ちょっとマニアックな、PKOとおカネの話

  安保理は国連において国際の平和と安全の維持に主要な責任を有しています。そしてその意思決定に恒常的に関与できるP5、即ちアメリカ、イギリス、フランス、ロシア、中国の5か国は、その「特別な責任」を理由に、PKOを賄う予算をより高い分担率で負担することになっています[9]。例えば最大拠出国のアメリカの場合、2017年の通常予算分担率は22パーセントちょうどですが、PKO予算分担率は28.47パーセントで、6パーセント以上も高くなります。ちなみに、日本の分担率は通常予算もPKO予算も同じで、2017年はどちらも9.68パーセントです[10]

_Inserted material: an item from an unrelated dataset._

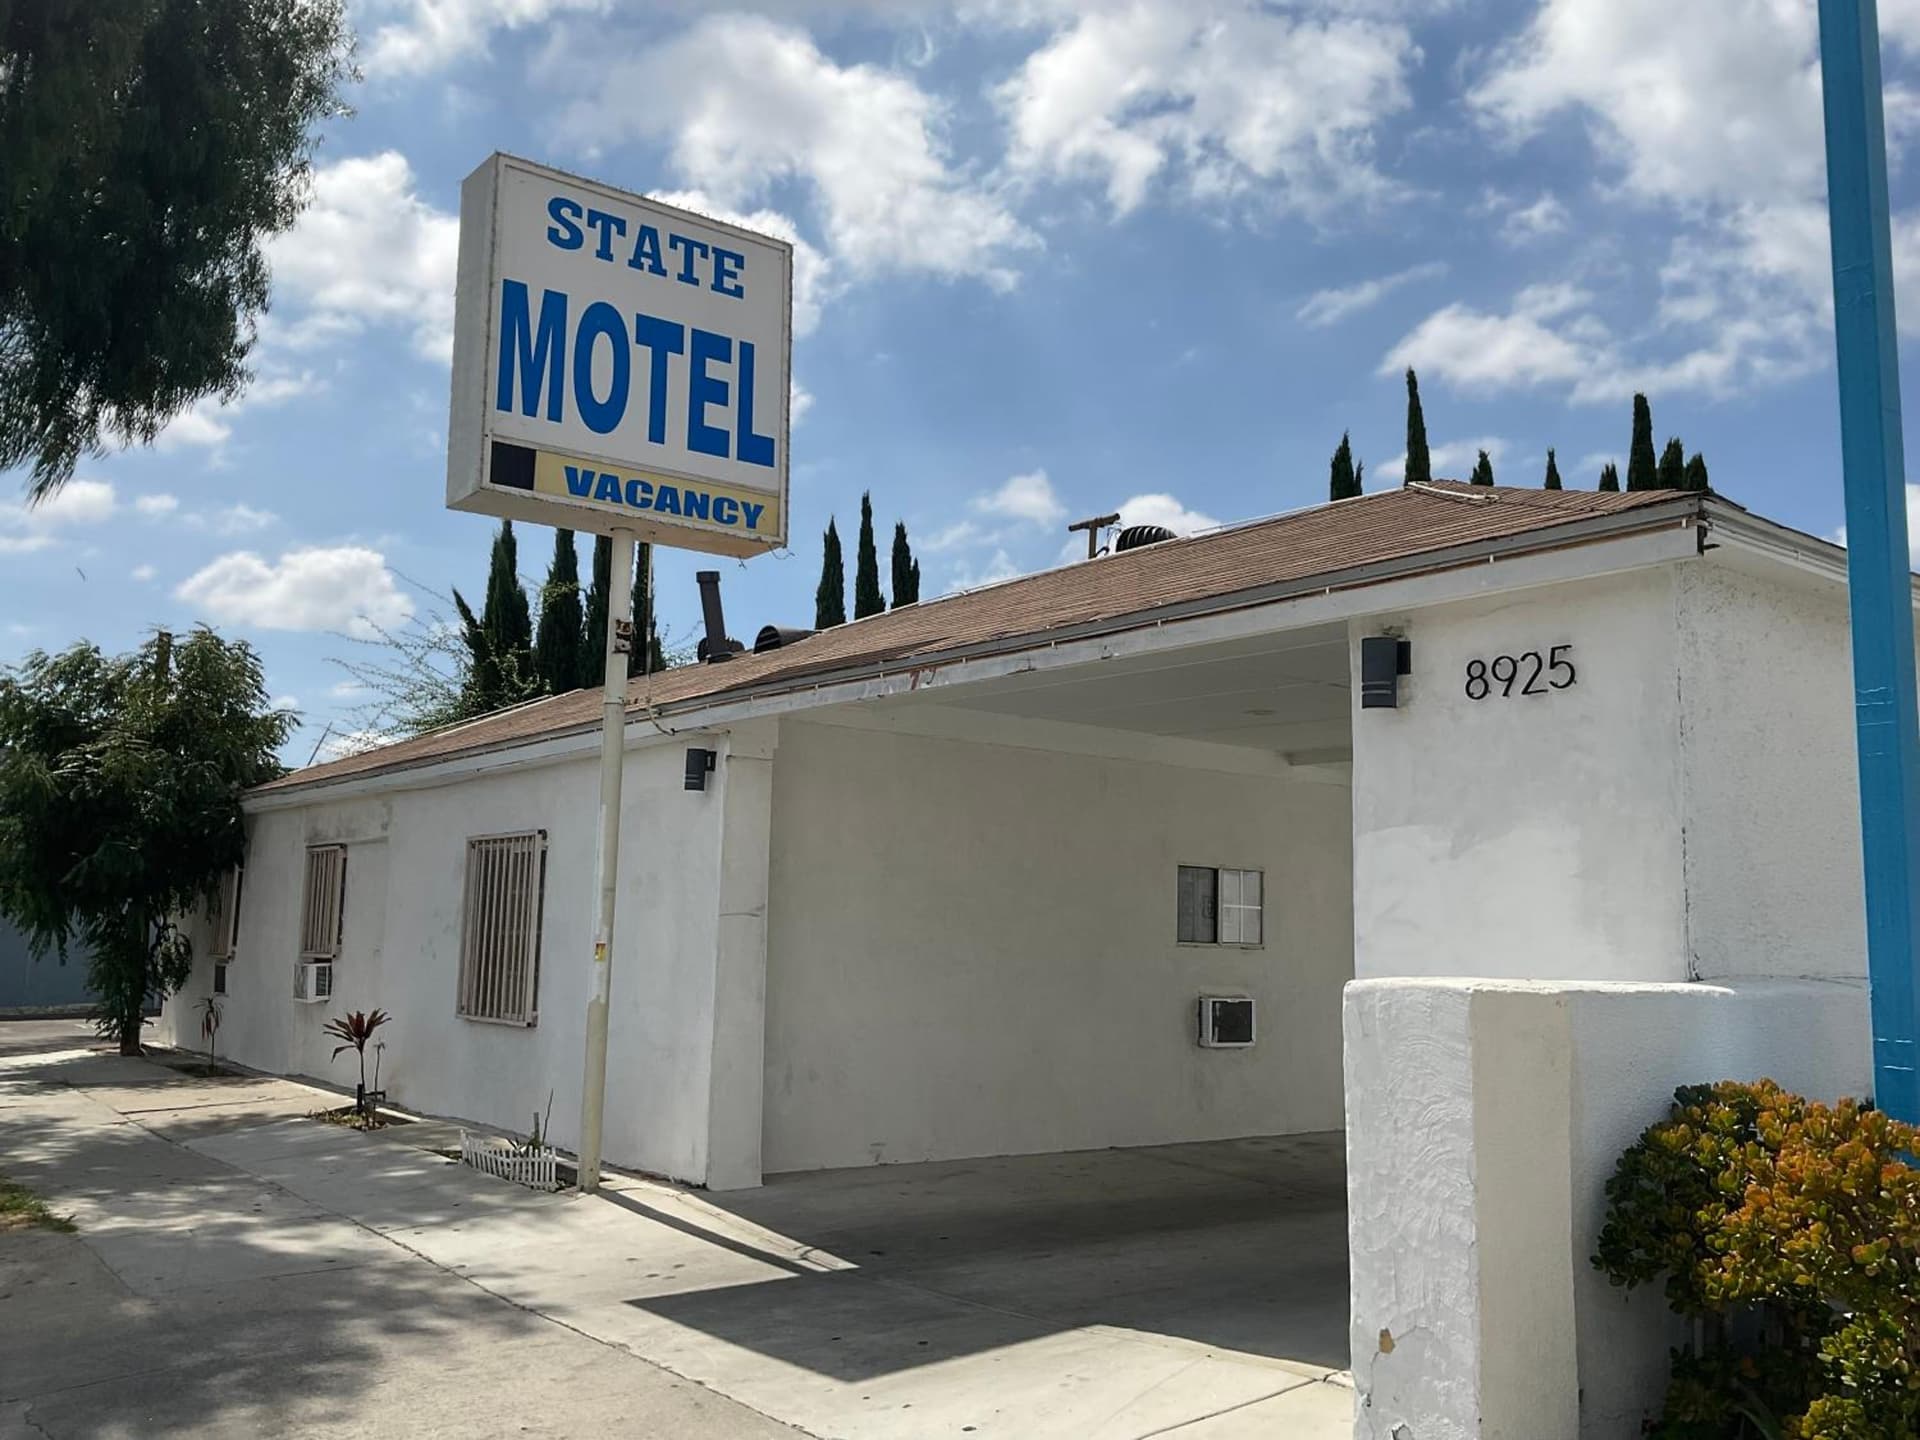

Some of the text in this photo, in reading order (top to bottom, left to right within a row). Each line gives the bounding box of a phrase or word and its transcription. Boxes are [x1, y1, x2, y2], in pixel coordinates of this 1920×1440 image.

  では、実際の負担額ではどのくらいの違いになるでしょうか。最大のSPMであるアフガニスタン・UNAMAとアメリカの例で見てみます。UNAMAの年間予算は約1億8千万ドルですが、このミッションはSPMなので通常予算で賄われるため、アメリカの分担率は22パーセント、金額にして年間約4千万ドルになります。しかしながら、仮にUNAMAがPKOだったとすると、PKO予算の分担率が適用され、アメリカの場合は28パーセント強、金額にして年間約5千1百万ドルになります。つまり、どちらの予算で賄われるかという違いだけで、1年間の負担額として、差額である約1千1百万ドル、今の為替レートで約12億円も多く支払うことになるのです。アフガニスタンだけでこれだけ額が違うのですから、これにイラクやソマリアなどの他のSPMも加わったら、それはそれは大きな額の違いになります。したがって、純粋に予算の観点のみからすれば、P5にとっては、似たような現地ミッションであるならば、それがPKOであるよりもSPMである方が財政負担がより小さくなるので、より望ましいということになるのです。

  実際、2003年に設立されコートジボワールに展開したMINUCIは、設立決議でPKOであるかSPMであるかが明記されず、国連事務局はPKOとの前提で予算を組んだものの、後に安保理が同ミッションはそもそもSPMとして設立したと通知し、マンデート更新の際にその旨を決議に明記したという混乱がありました[11]。この教訓も踏まえ、安保理は、ある現地ミッションがPKOであるかSPMであるかを設立決議で明記することがあります。例えば、現在最も新しいPKOであるハイチのMINUJUSTHは、設立決議でPKOであると明記されています[12]

 

住民との交流行事で綱引きをするPKO要員
(UN Photo/Logan Abassi)

  また、あまり技術的すぎる話は避けますが、この分担率の違いに加えて、通常予算は2年毎に作成される一方でPKO予算は1年毎に作成されたり、SPMは全体で1つの予算パイを分け合うのに対しPKOは個別ミッション毎に予算アカウントが設けられていたりといった違いもあります。あまり知られてはいないかもしれませんが、これらの違いはPKOに関する実務においてはとても重要なものです。

終わりに

  PKOの変遷や個別のPKOについての書籍等は多くありますが、2000年のブラヒミ報告以降PKOはますます多様化し、「これがPKOだ」と断言することは難しくなっています。しかし上述のとおり、それこそがPKOの強みであり価値なのです。2008年のキャップストーン・ドクトリンにあるような指針や原則に従いつつ、PKOは今後も進化を遂げていくでしょう。次回の寄稿では、2017年の安保理とPKOについて概観的に振り返ってみたいと思います。

 

[1] 人数及び構成とも、文民職員を除く軍事・警察要員に関してのもの。

[2] ただし過去のPKOには総会により設立されたものもあります(中東のUNEF Iと西ニューギニア(西イリアン)のUNSF)。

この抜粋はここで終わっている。